It should be noted that the construction of DEM is possible both with and without using a local quasigeoid model. However, this can lead to distortion of the information on topography [19, 25]. To provide the results of geodetic support, the normal height system is used [18, 28, 29]. In case of obtaining geodetic heights, the question of switching to it arises. Then, a local quasigeoid model is needed [30-32] for the creation of which it is important to have combined points [33, 34] (with known geodetic heights from the GNSS definitions and normal or orthometric heights from geometric levelling). Modelling of the surface of height anomalies [34] was caused primarily by land planning in Poland [28], Slovenia [31], coastal cities of the Red Sea [20], and Ethiopia [34].

The authors of [21, 35] noted that the production of such models in hard-to-reach mountainous areas is an important stage in accurate determination of heights using the GNSS equipment. Article [28] indicates that an accuracy of 5 mm was attained when creating a local model for the territory of Krakow. The production of such models is important for development of the regions [33]. Often, the problem of modelling the surface of height anomalies for an area project is solved. However, there are no studies aimed at creating a local quasigeoid model for an extensive linear project. No recommendations were drawn up concerning the required number of points or the method for assigning a sufficient number of points to create a model in which the accuracy of determining the heights would correspond to the accuracy indicated in work specifications at each stage of construction.

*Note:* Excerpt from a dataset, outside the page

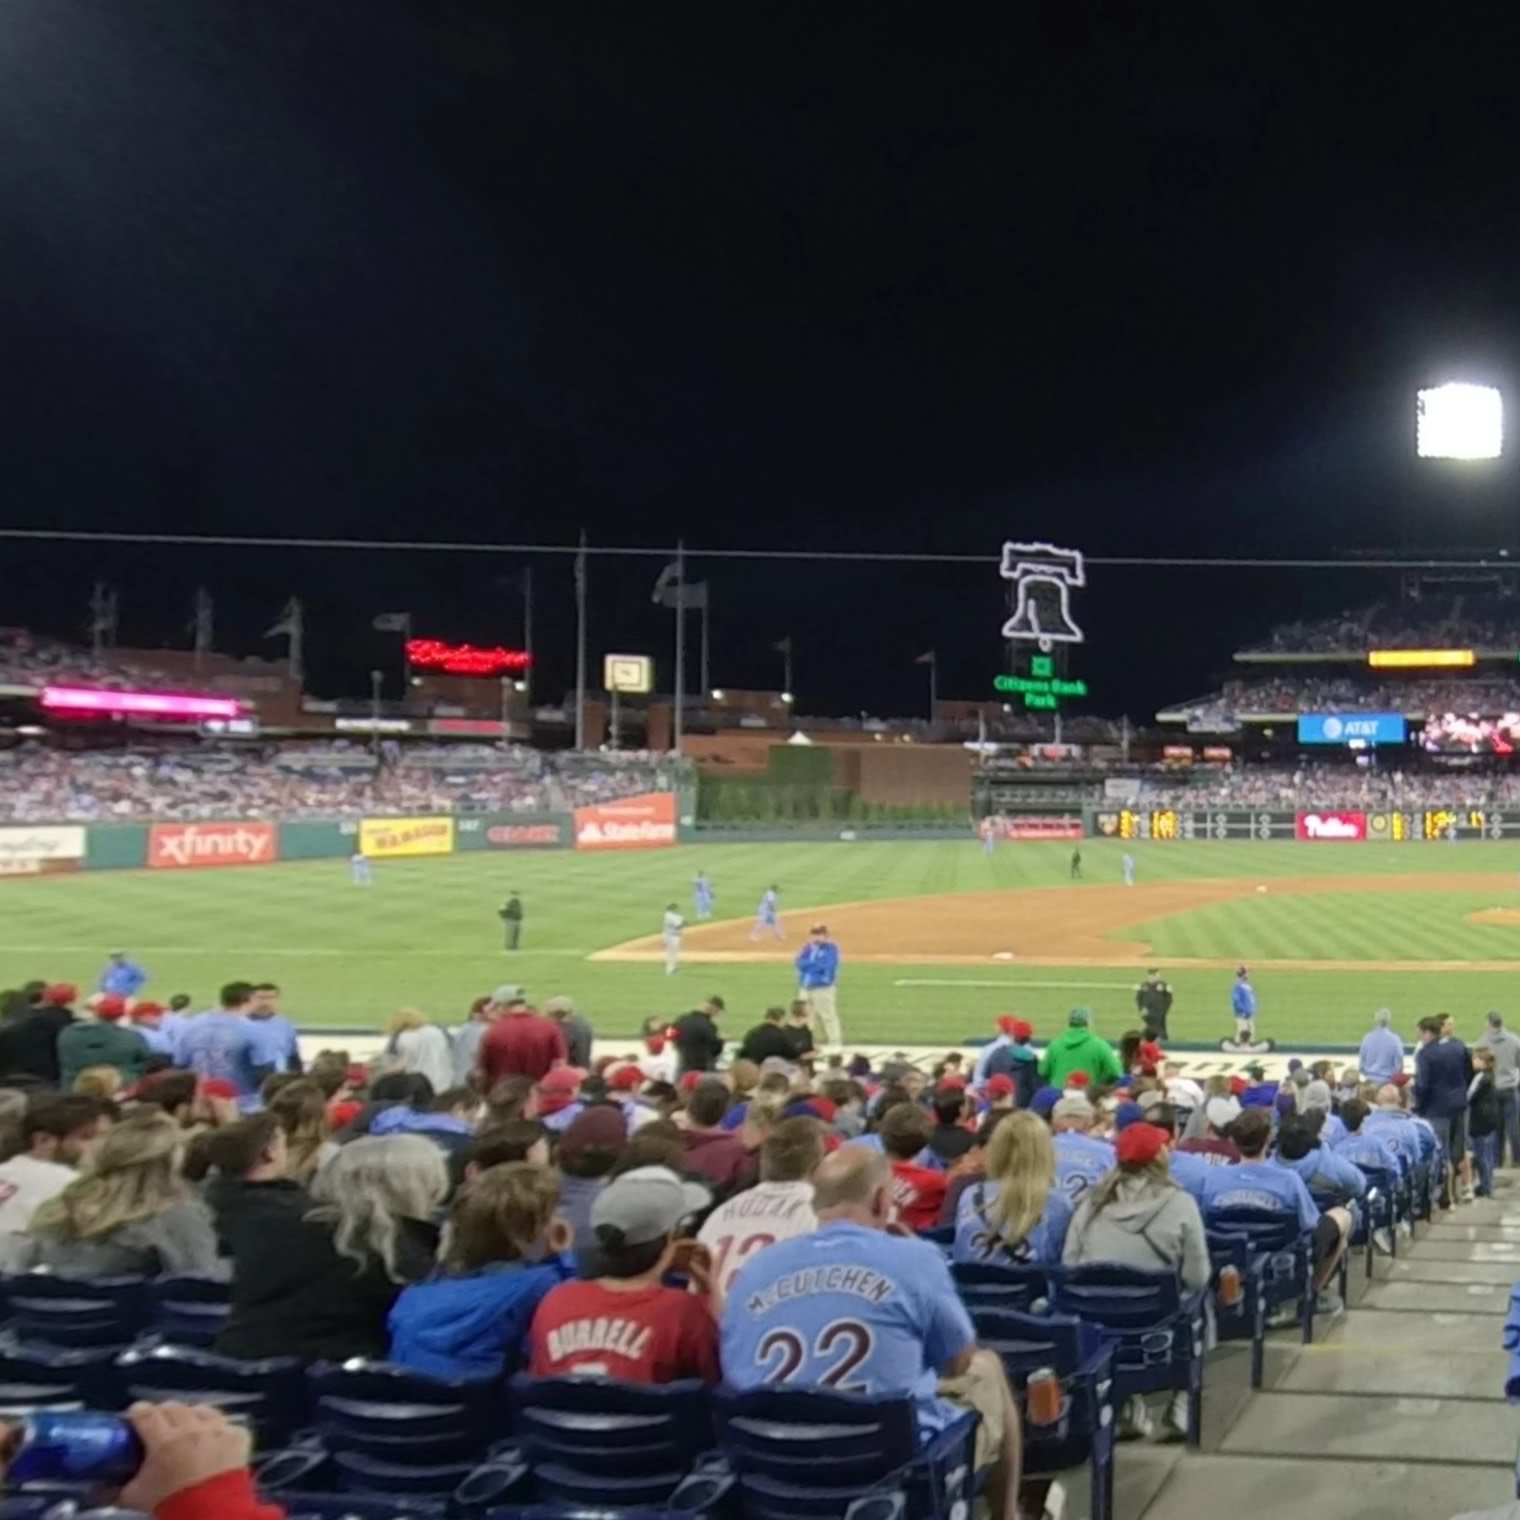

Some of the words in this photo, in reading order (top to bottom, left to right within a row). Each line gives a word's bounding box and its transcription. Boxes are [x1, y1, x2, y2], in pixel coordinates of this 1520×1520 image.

When determining the corrections to geodetic heights for further construction of DEM, it is necessary to choose the spatial interpolation method that will be used to construct a mathematical model of height anomalies [36]. DEM construction from data obtained by different survey methods [37] is actively investigated [35]. In this case, the results can be used as a spatial grid with regular spacing (GRID) or a point cloud [38]. Choice of the spatial interpolation method has a direct impact on the final accuracy of constructing the mathematical elevation model [39]. The most common method is the triangulation irregular network (TIN) [25]. However, in [40-42] the advisability of using other spatial interpolation methods is mentioned:

  • The kriging method is used for constructing the topography of both the earth’s, and the underwater surface [43, 44] with a correct definition of the variogram [45, 46] forming the spatial dependence.
  • Radial basis function. The data on topography obtained by airborne laser scanning (ALS) are characterized by outliers which have a negative impact on the accuracy of digital elevation models. However, experimental results in the study [47] showed that the use of spline functions provides
    a more accurate model based on natural, rather than synthetically created data.

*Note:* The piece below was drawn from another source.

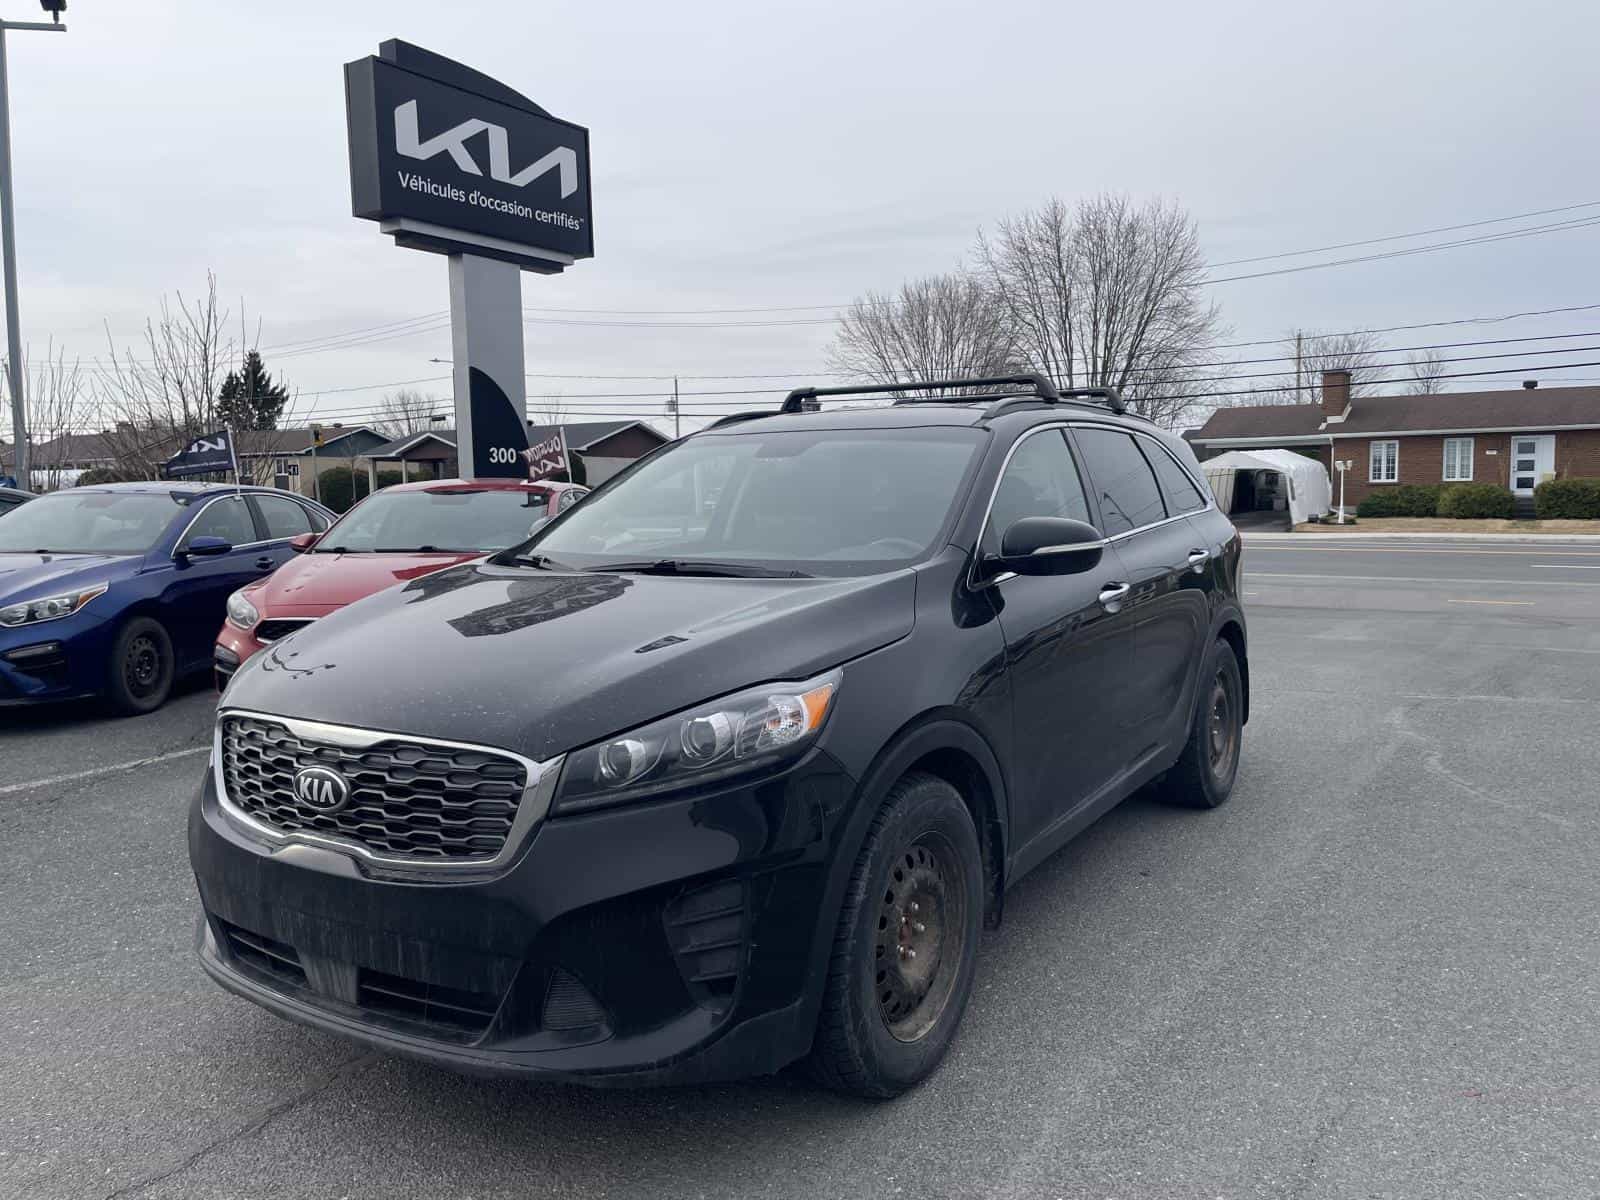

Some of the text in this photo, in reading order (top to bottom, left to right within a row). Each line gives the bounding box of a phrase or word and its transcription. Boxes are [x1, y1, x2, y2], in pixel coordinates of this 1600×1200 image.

[394, 99, 578, 200] KIA
[398, 170, 580, 231] Véhicules d'occasion certifiés
[489, 447, 517, 463] 300
[300, 775, 336, 804] KIA

The obtained accuracy of constructions is affected by the density of the source geospatial data [48, 49] and the source of information [50]. The aim of the work is to assess the accuracy of creating mathematical elevation models and a quasigeoid based on spatial interpolation methods as well as to develop the initial provisions of the general methodology for creating a local quasigeoid model and a digital elevation model.

Methods

Source data

Construction of a local quasigeoid model

Source data for the area project were 300 combined geodetic points at which geodetic and normal heights were determined. Of the total number of points at approximately the same spacing in different parts of the project, 10 % (30 points) were used as controls and did not participate in creation of the model. Root mean square errors (RMSE) of determining the normal heights of points did not exceed 3 mm. The area of the study project was 776.39 km2.

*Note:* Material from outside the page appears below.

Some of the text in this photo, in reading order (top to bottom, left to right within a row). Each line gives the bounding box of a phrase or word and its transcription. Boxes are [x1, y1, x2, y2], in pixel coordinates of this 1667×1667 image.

When creating a local quasigeoid model for constructing a motorway in flat terrain, 28 points lying at different sides and at equal distances from the axis of the designed project in its different parts were selected from the total number of combined geodetic points. The limitation in the number of points is due to the existing plan-elevation datum. Similarly, to control the quality of construction, a part of points (10 %) was excluded from the process of creating models, which contradicted the principle of a uniform distribution of data and could also lead to collisions in the interpretation of the results of accuracy assessment due to local instability.

Construction of DEM

Source data were the results of airborne laser scanning of three large areas on the earth's surface with different types of topography (Table 1). Using the TerraScan software by Terrasolid Company and a point cloud macro, two point clouds were automatically classified, containing:

  • key points used to construct the DEM;
  • points on the earth’s surface that are not mandatory (key) for construction. At the same time, they contain spatial information about the earth’s surface, which can be used to assess the accuracy.

Then, the areas were visually assessed for the presence of points with non-characteristic deviations, which indicate an erroneous classification of individual points of the earth’s surface.

Table 1

Brief characteristic of plots

Plot

Average inclination angle, deg

Minimum height, m

Maximum height, m

Area, m2

A

0.5

8.0

35.40

53,423

B

29.3

194.95

918.07

10,872

C

25.6

460.63

1,726.00

32,541

Plot A is a flat area (Fig.1, a) with minor local changes in surface curvature. Plot B (Fig.1, b) is a mountainous region with significant elevation differences and areas with major changes in surface curvature. Plot C is a mountainous area (Fig.1, c) with pronounced anthropogenic topography. Surface shows of disturbances and edges and slopes typical of open-pit mining are visible.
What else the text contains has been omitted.